There are, of course, a few exceptions to the rule. For example, Aerie has designed product that appeals to young women rather than adult film stars, and has found at least a couple of models larger than size two to feature in its ads. REI has combined atypical real estate strategies with a compelling loyalty program and differentiated product to great success. But, those are indeed the exceptions. Meanwhile, over at Lulu Lemon, the product still rocks, but the brand attitude remains too exclusive for consumers that are increasingly practicing yoga to escape, rather than embrace status climbing. And then there’s Express which seems unsure of whether it is a lifestyle brand with edited assortments or a cheap chic fashion emporium.
So, what’s a specialty apparel retailer to do in the Age of Amazon? VENN has identified five imperatives that every specialty retailer must confront if they are to survive and thrive:
1. Keep it real - put down the air brush, embrace a wider definition of body types and accept that multi-cultural diversity is here to stay. Celebrate realistic lifestyles and stop with the body shamming.
2. Go low (or high) - the once great middle class is shrinking quickly, and even those that still occupy this demographic favor low-cost goods for most purchases while prioritizing a select number of higher priced purchases for the things they really desire or value. While promotions still matter, everyday price matters too, and if it isn’t at the low - end or high - end of the market, the chances of the offer succeeding grow fewer with each passing day.
3. Create compelling experiences - as we’ve seen with grocery, Amazon is aggressively re-engineering retail as we know it. Fair or not, the lack of accountability by the Street for Amazon’s profitability allows the company to first attack incumbents, and then emulate traditional retail practices by building the very brick and mortar they just destroyed. There is little reason to believe Amazon will do anything different when it comes to apparel, so those brands that hope to compete will need to work hard to create unique brick and mortar experiences that play to their distinct strengths in ways that Amazon can’t easily replicate.

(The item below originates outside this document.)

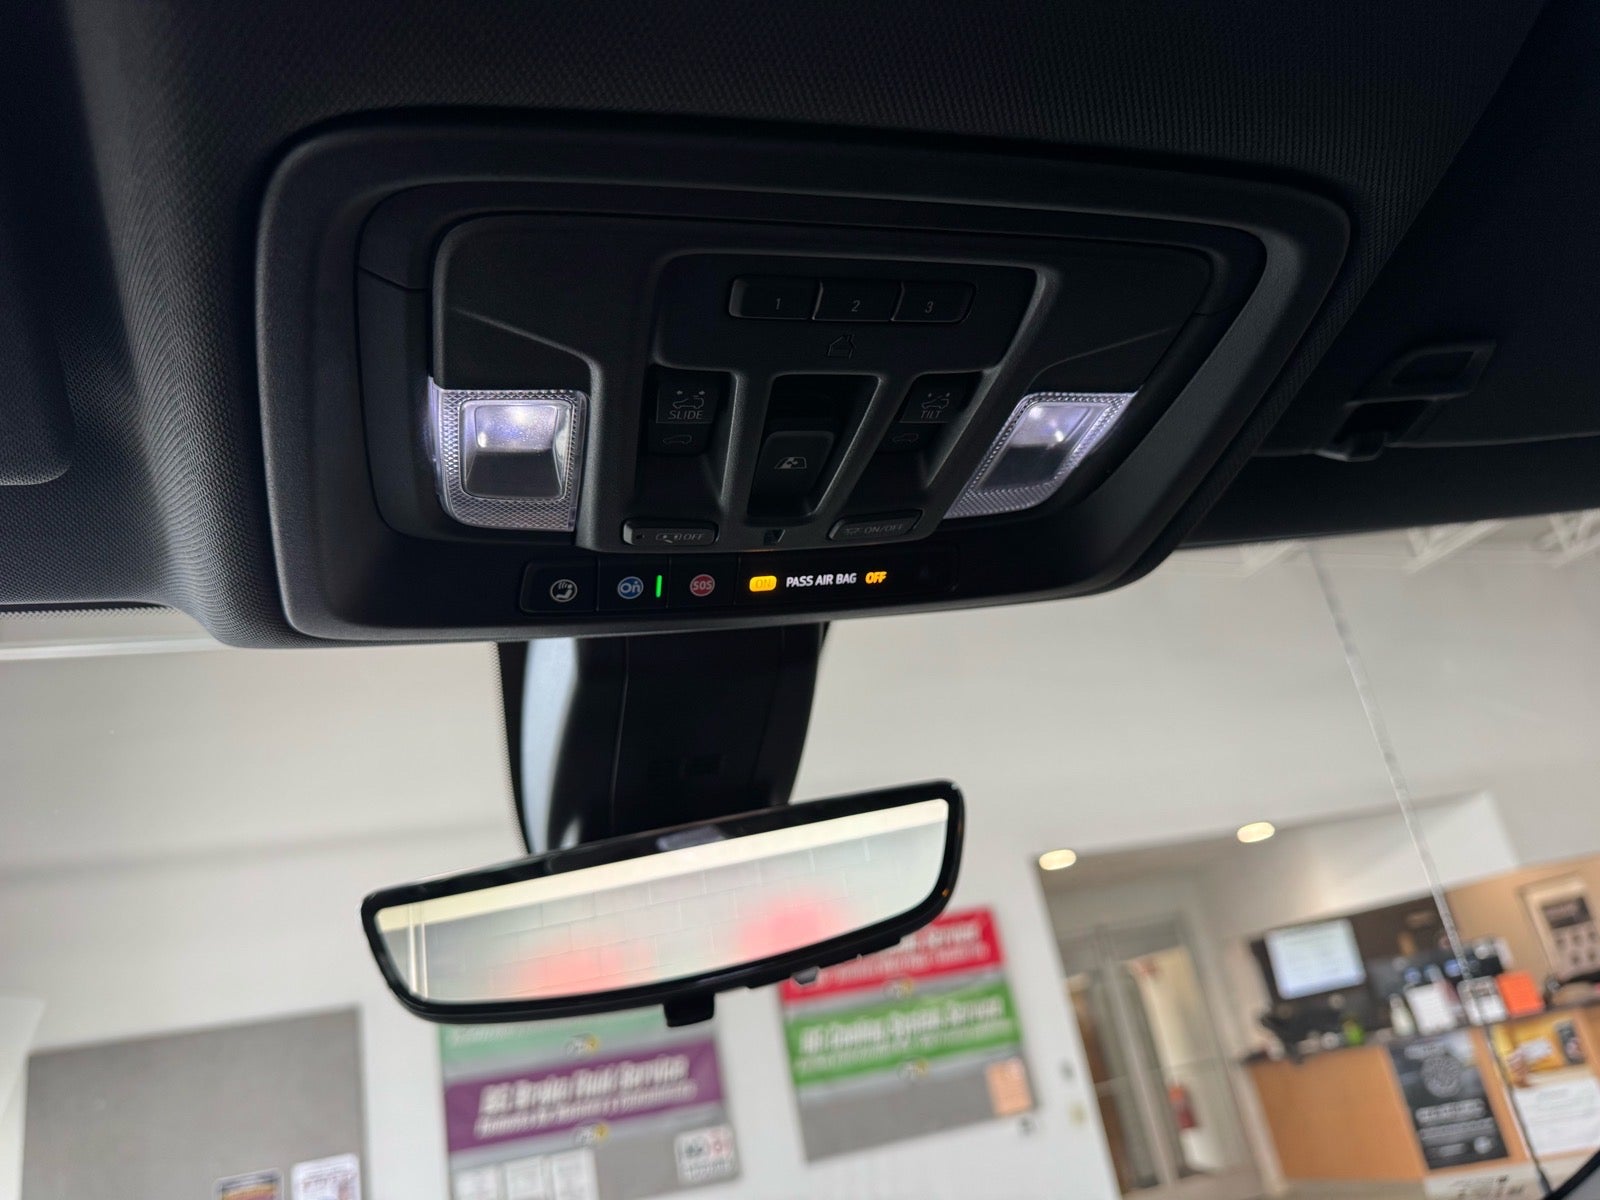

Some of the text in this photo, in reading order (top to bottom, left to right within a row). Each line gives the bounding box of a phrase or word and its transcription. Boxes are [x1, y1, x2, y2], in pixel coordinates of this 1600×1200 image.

4. Make Amazon a “Frenemy” - as sacrilegious as it may sound, a fair number of specialty apparel brands now find themselves at the point where embracing a partnership with Amazon may be worth considering. If achieving a state-of-the-art, omni-channel presence isn’t a near- term possibility, partnering for may be the best shot at survival.
5. Follow your customer out of the malls - as we’ll detail in our next installment ab out the impact of Amazon, the future of brick and mortar is obviously urban. While we acknowledge that converting from malls to main street is easier said than done, given lease commitments, this trend is so obvious that it begs the question as to why retailers aren’t experimenting more with alternative formats.